This is all a bit tricky. On the one hand, we don’t know how much time there is left and we should live each day as though this is all there is. On the other hand, I am occasionally brought up short by the panicky thought: Oh my God I don’t have a retirement plan!… Oh my God, I haven’t got a pension!… That six-months-to-live question, whenever I consider it, always brings me tremendous clarity: I always know exactly what work I would desperately want to bring into the world if I suddenly found out that I have limited time to get my best work out there. And I know that, if I needed to, I would beg, hustle, be pushy, and never hesitate to draw on every single contact and advantage I have ever gained in my miserable little life, if I ever thought that this would help me achieve my goal. 

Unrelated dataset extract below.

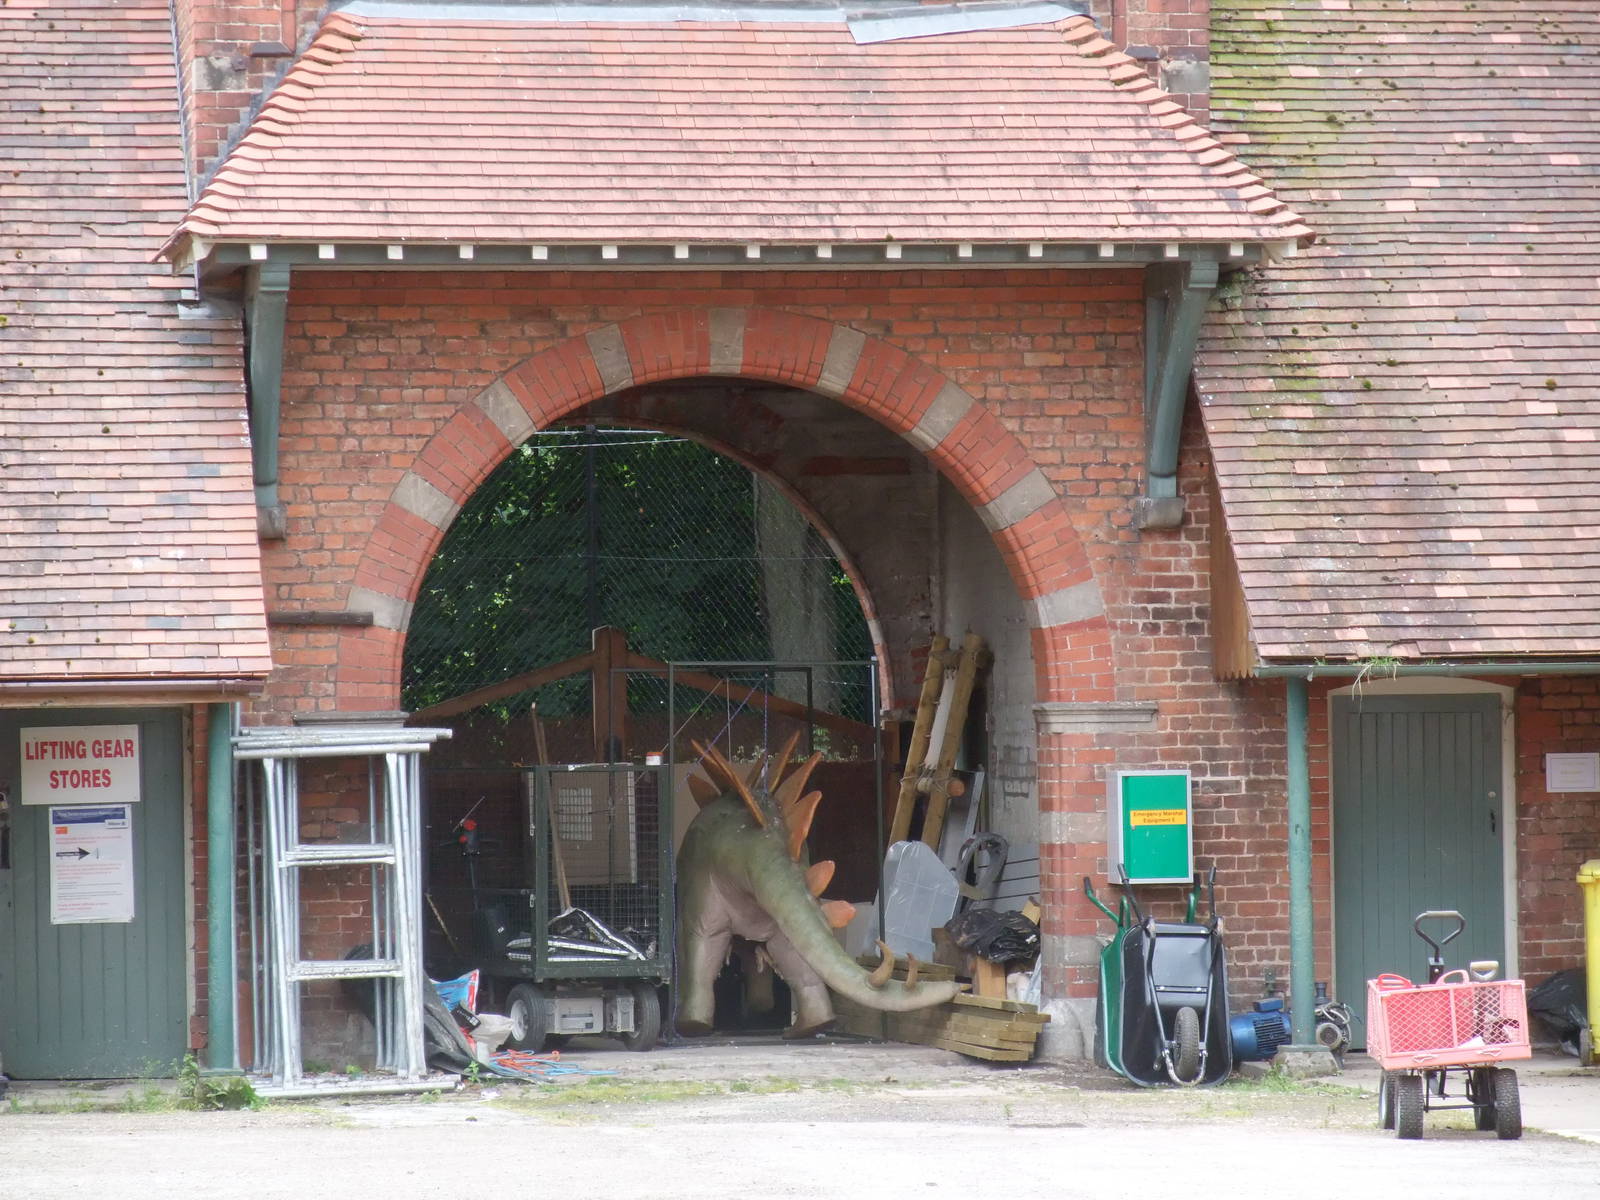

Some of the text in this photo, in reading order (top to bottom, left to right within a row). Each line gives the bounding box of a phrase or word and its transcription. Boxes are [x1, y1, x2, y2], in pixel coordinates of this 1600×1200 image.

Interestingly, though, whenever i do this exercise, I always end it by thinking: but I CAN’T do that in real life, because if I did only have 6 months to live, then, d’you know what?… I wouldn’t have to worry about money. I would’t have to think about safety nets and paying bills and retirement plans and the future. I would only need to get by for six months. I could just plan to live off my savings, and sit down and do the work I want to do, and it wouldn’t matter if I got paid for it or not. It wouldn’t matter. And it does matter to me now, in real life, because I need to pay bills. And I need to think about the future. And so I find myself distracted by needing to look up occasionally, and accept paying jobs, and fill in job applications. And then I wonder why I’m not spending as much time as I should on my own important projects.

The eternal conundrum. Do I live as if this is all there is - ignore the I-don’t-have-a-pension voice, assume I might die at any moment, and just throw myself into living life in the now?… Or am I actually being very foolish if I do that, and will I look up in 20 years’ time and see all my friends comfortably moving on with their elegant lives, while I still have to scrabble round for low-paid contracts to survive?…

I don’t have an answer. And I don’t have any advice, either. (I don’t even know what is right for myself; let alone what anyone else should do…)

Anyway, I’m going to try to strike a balance. I once read an interview with an actress who was maybe in her fifties, sixties (forgive me, famous actress, for I can’t remember the exact things you said…) What I remember very clearly is that she said that she tries to live as though she were still 27. Whenever she is offered an opportunity, or a challenge, that might make her think ‘I’m too old; I can’t do that; I should have done that years ago, now it's really too late’ - she tries to respond to the invitation as though she were still 27. I love that idea. I’ve been trying to copy it.

So: I’m 27 (though really sometimes I’m also 34); I might live another three years; I’m going to make that three years the nicest and the most productive ever; I’m going to live as though this is all there is.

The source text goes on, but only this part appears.